** Referring expression grounding data **
● ● ● ● ● ● ●

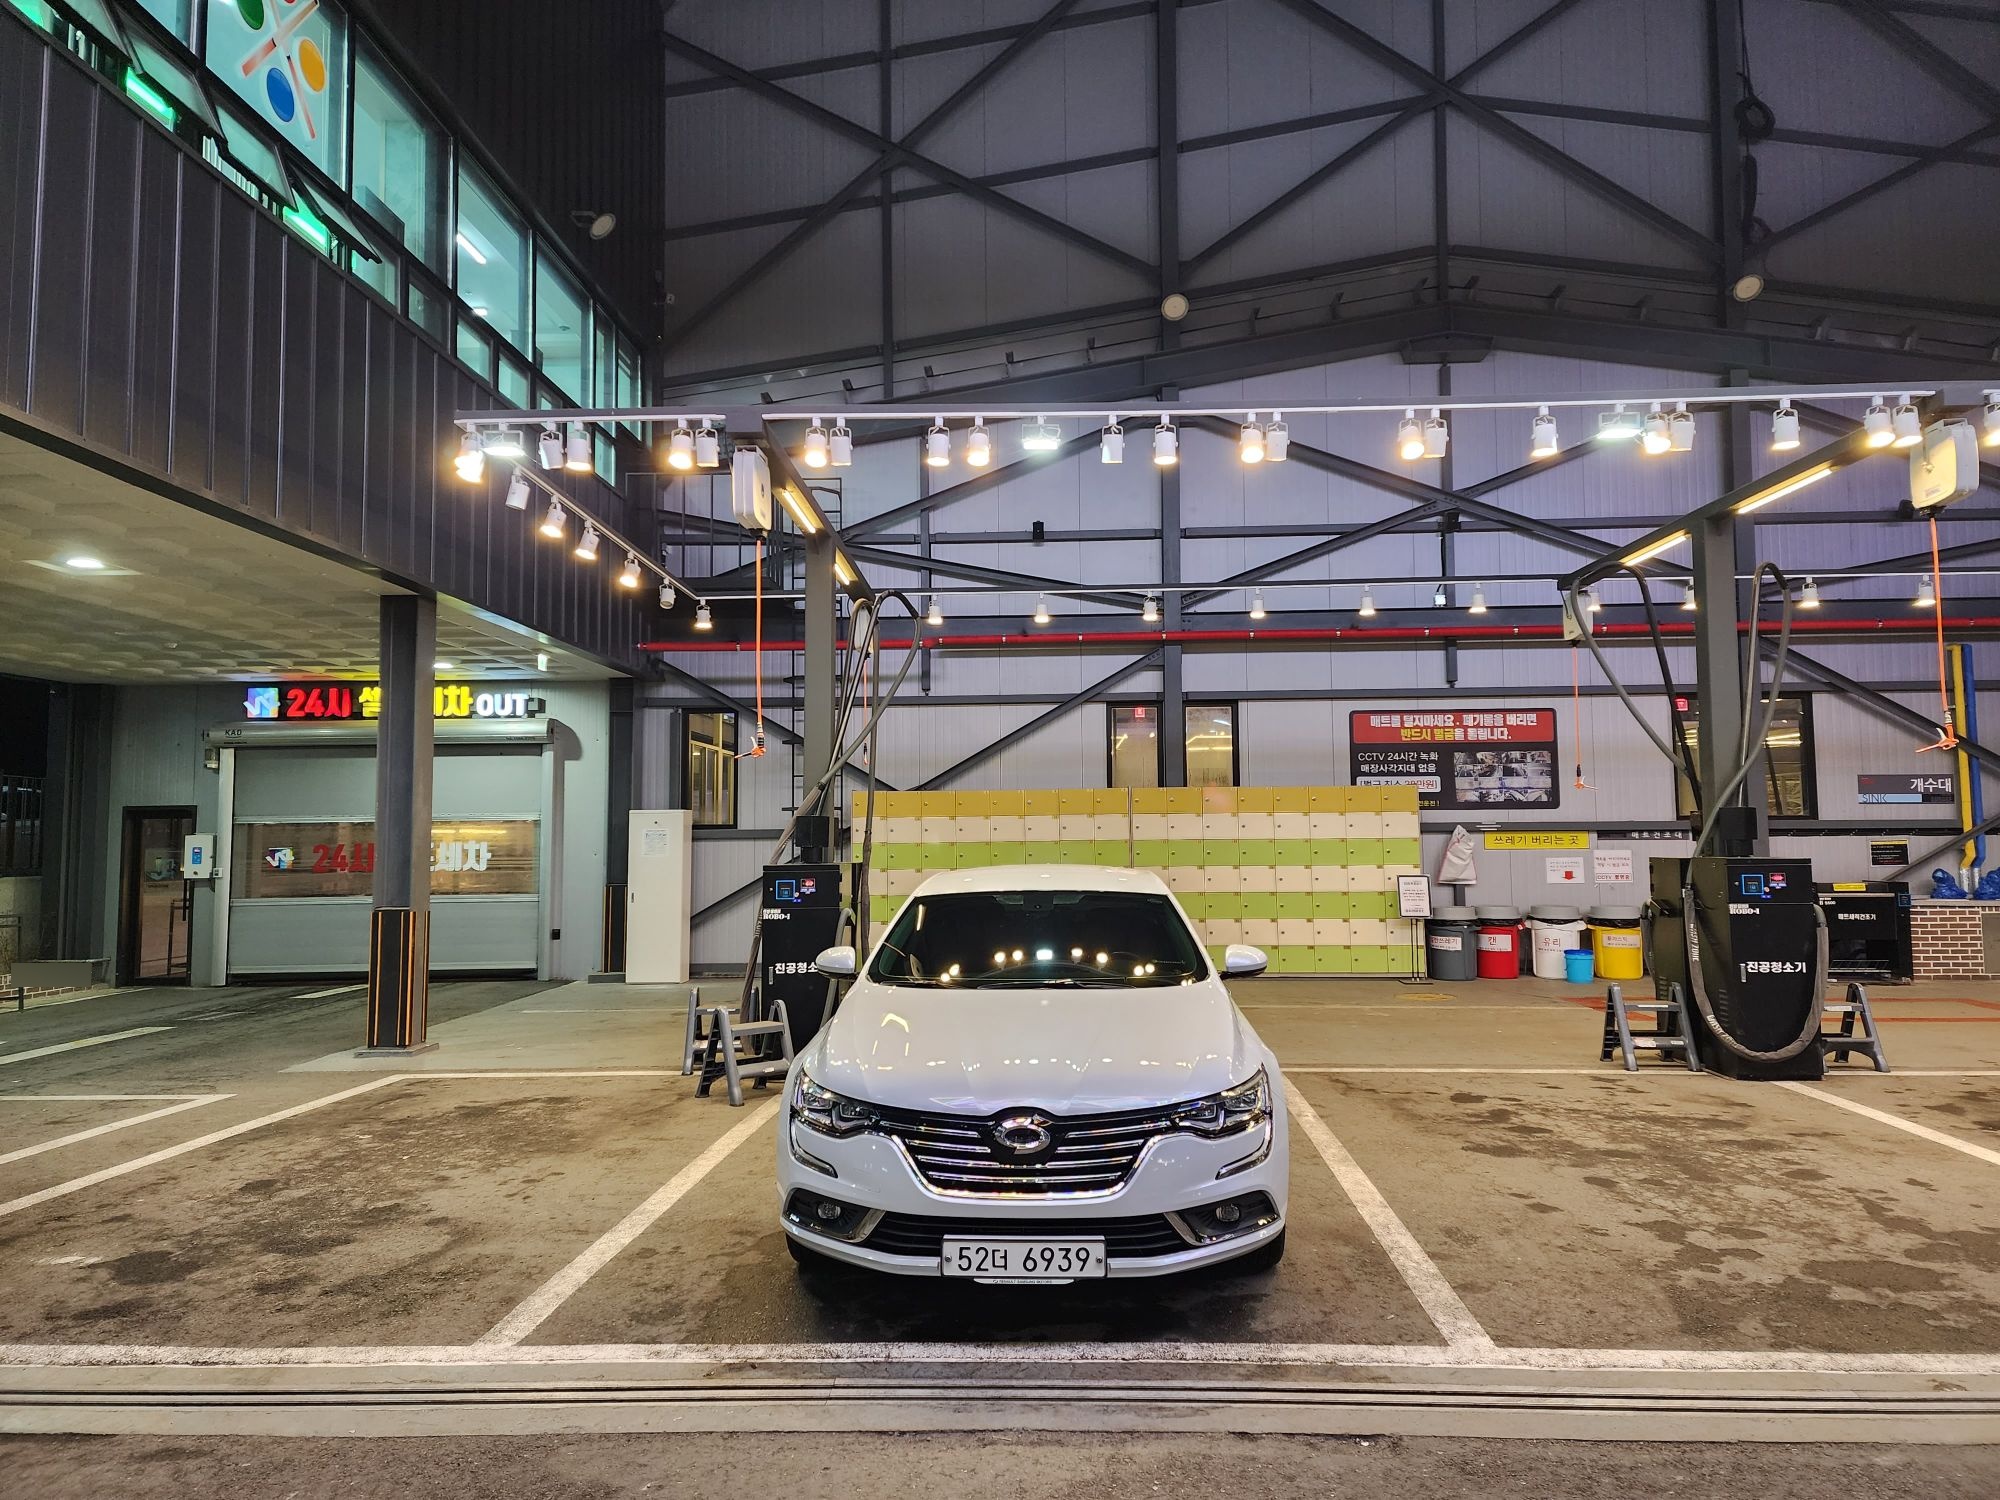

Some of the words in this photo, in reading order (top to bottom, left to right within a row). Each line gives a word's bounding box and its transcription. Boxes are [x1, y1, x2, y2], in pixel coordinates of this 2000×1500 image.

[286, 687, 352, 717] 24시
[476, 693, 530, 717] OUT
[1506, 714, 1538, 726] 버리면
[1401, 729, 1431, 741] 반드시
[1434, 728, 1464, 741] 벌금을
[1358, 752, 1385, 761] CCTV
[1387, 752, 1418, 761] 24시간
[1419, 752, 1439, 761] 녹화
[1361, 764, 1416, 773] 매장사각지대
[1418, 764, 1437, 773] 없음
[1910, 777, 1952, 793] 개수대
[1862, 793, 1887, 803] SINK
[1493, 835, 1527, 846] 쓰레기
[1531, 835, 1565, 846] 버리는
[1569, 835, 1580, 845] 곳
[313, 842, 375, 874] 24시
[1487, 937, 1497, 946] 캔
[1543, 938, 1561, 948] 유리
[775, 962, 818, 974] 진공청소
[1746, 961, 1807, 973] 진공청소기
[957, 1247, 1008, 1272] 52더
[1022, 1247, 1090, 1272] 6939
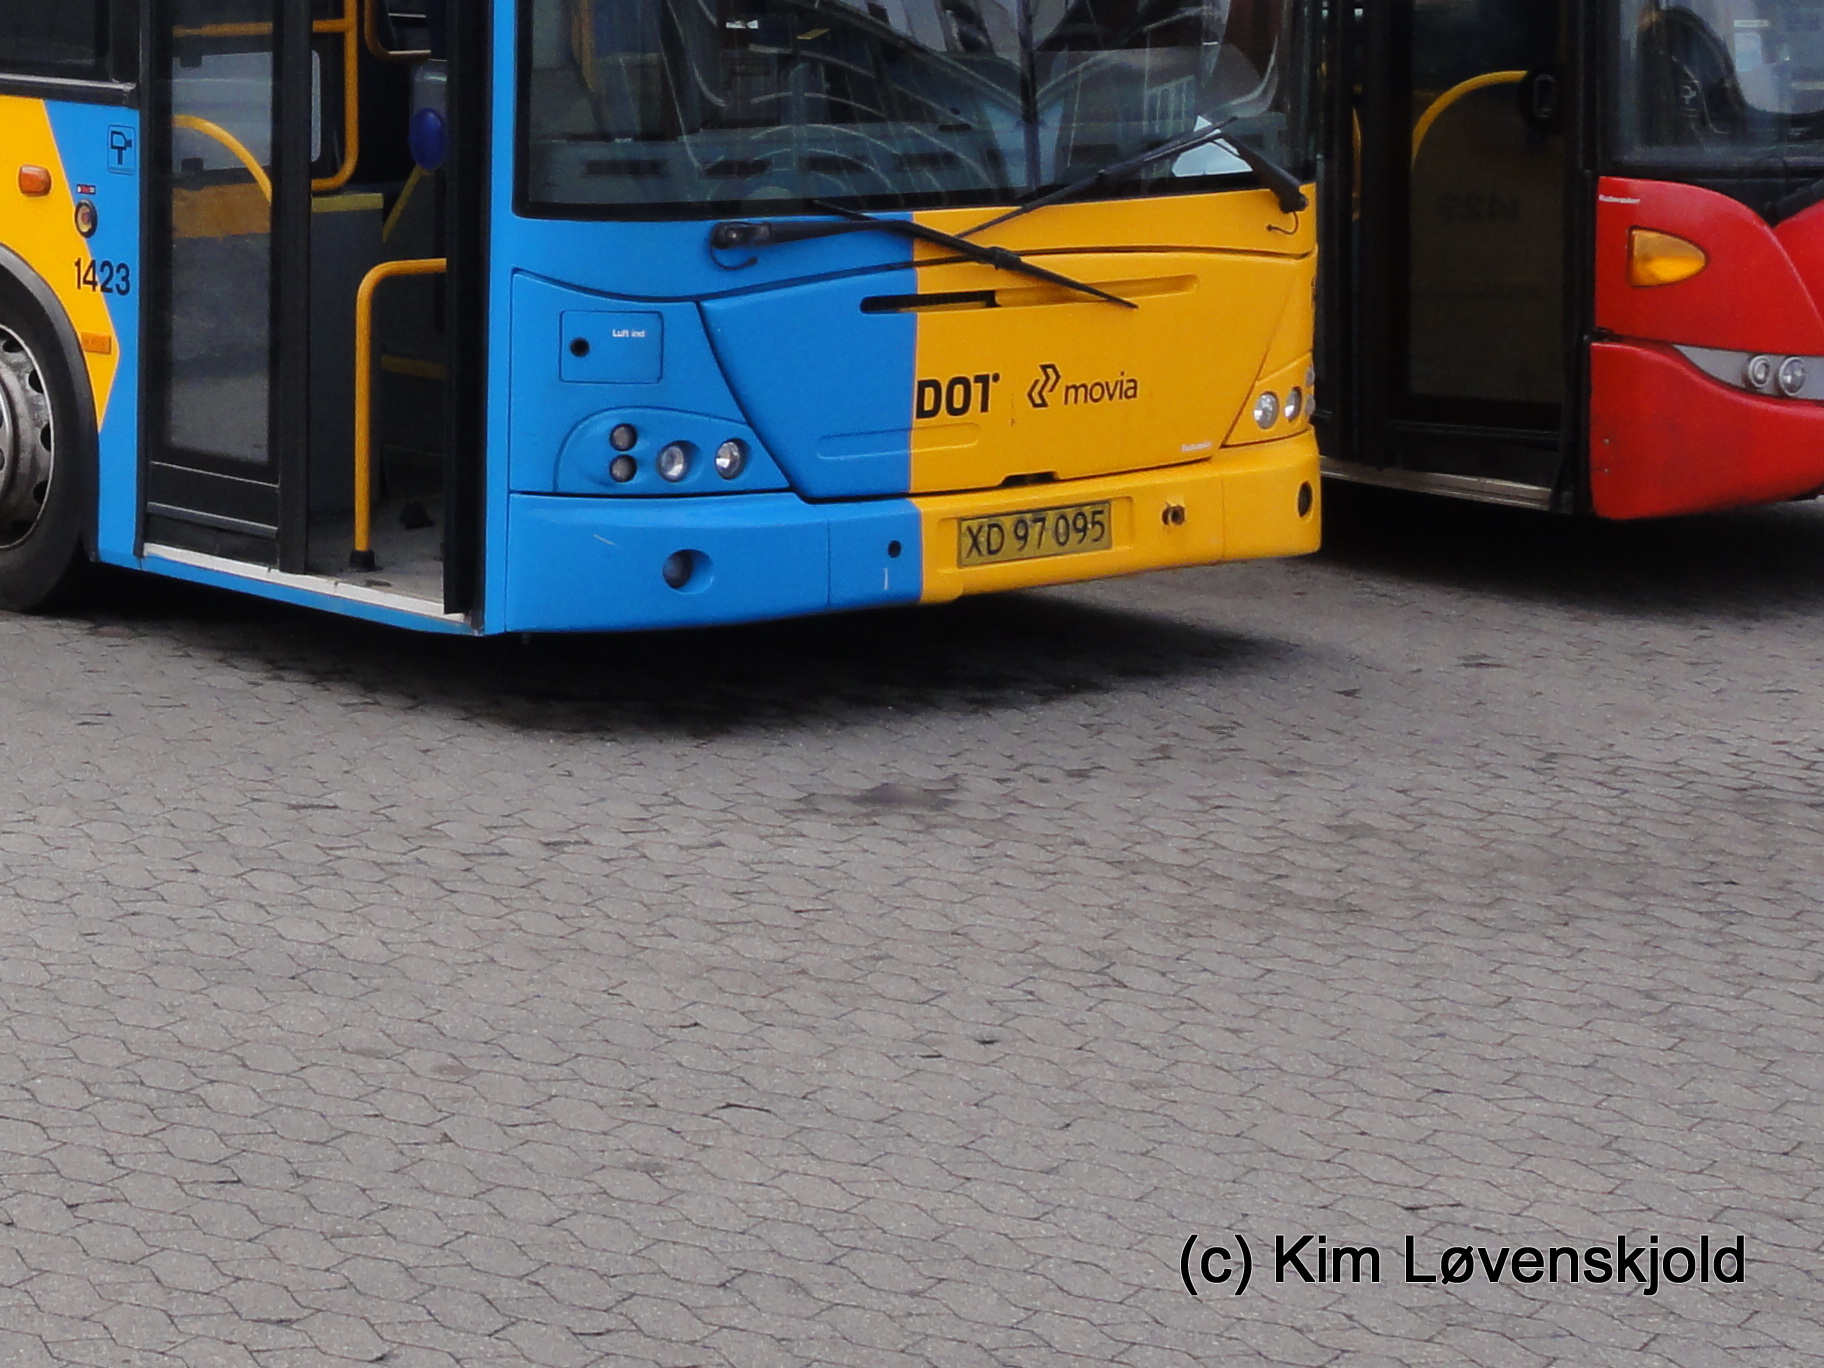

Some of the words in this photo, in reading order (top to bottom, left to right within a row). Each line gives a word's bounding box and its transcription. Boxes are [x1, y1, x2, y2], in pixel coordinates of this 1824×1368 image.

● ● ● ● ● ● ●

Each line above must be repeated exactly in the answer, with pictures omitted.

Some of the words in this photo, in reading order (top to bottom, left to right within a row). Each line gives a word's bounding box and its transcription. Boxes are [x1, y1, x2, y2], in pixel coordinates of this 2000×1500 image.

[286, 687, 352, 717] 24시
[476, 693, 530, 717] OUT
[1506, 714, 1538, 726] 버리면
[1401, 729, 1431, 741] 반드시
[1434, 728, 1464, 741] 벌금을
[1358, 752, 1385, 761] CCTV
[1387, 752, 1418, 761] 24시간
[1419, 752, 1439, 761] 녹화
[1361, 764, 1416, 773] 매장사각지대
[1418, 764, 1437, 773] 없음
[1910, 777, 1952, 793] 개수대
[1862, 793, 1887, 803] SINK
[1493, 835, 1527, 846] 쓰레기
[1531, 835, 1565, 846] 버리는
[1569, 835, 1580, 845] 곳
[313, 842, 375, 874] 24시
[1487, 937, 1497, 946] 캔
[1543, 938, 1561, 948] 유리
[775, 962, 818, 974] 진공청소
[1746, 961, 1807, 973] 진공청소기
[957, 1247, 1008, 1272] 52더
[1022, 1247, 1090, 1272] 6939

Some of the words in this photo, in reading order (top to bottom, left to right within a row). Each line gives a word's bounding box and its transcription. Boxes are [x1, y1, x2, y2], in pixel coordinates of this 1824×1368 image.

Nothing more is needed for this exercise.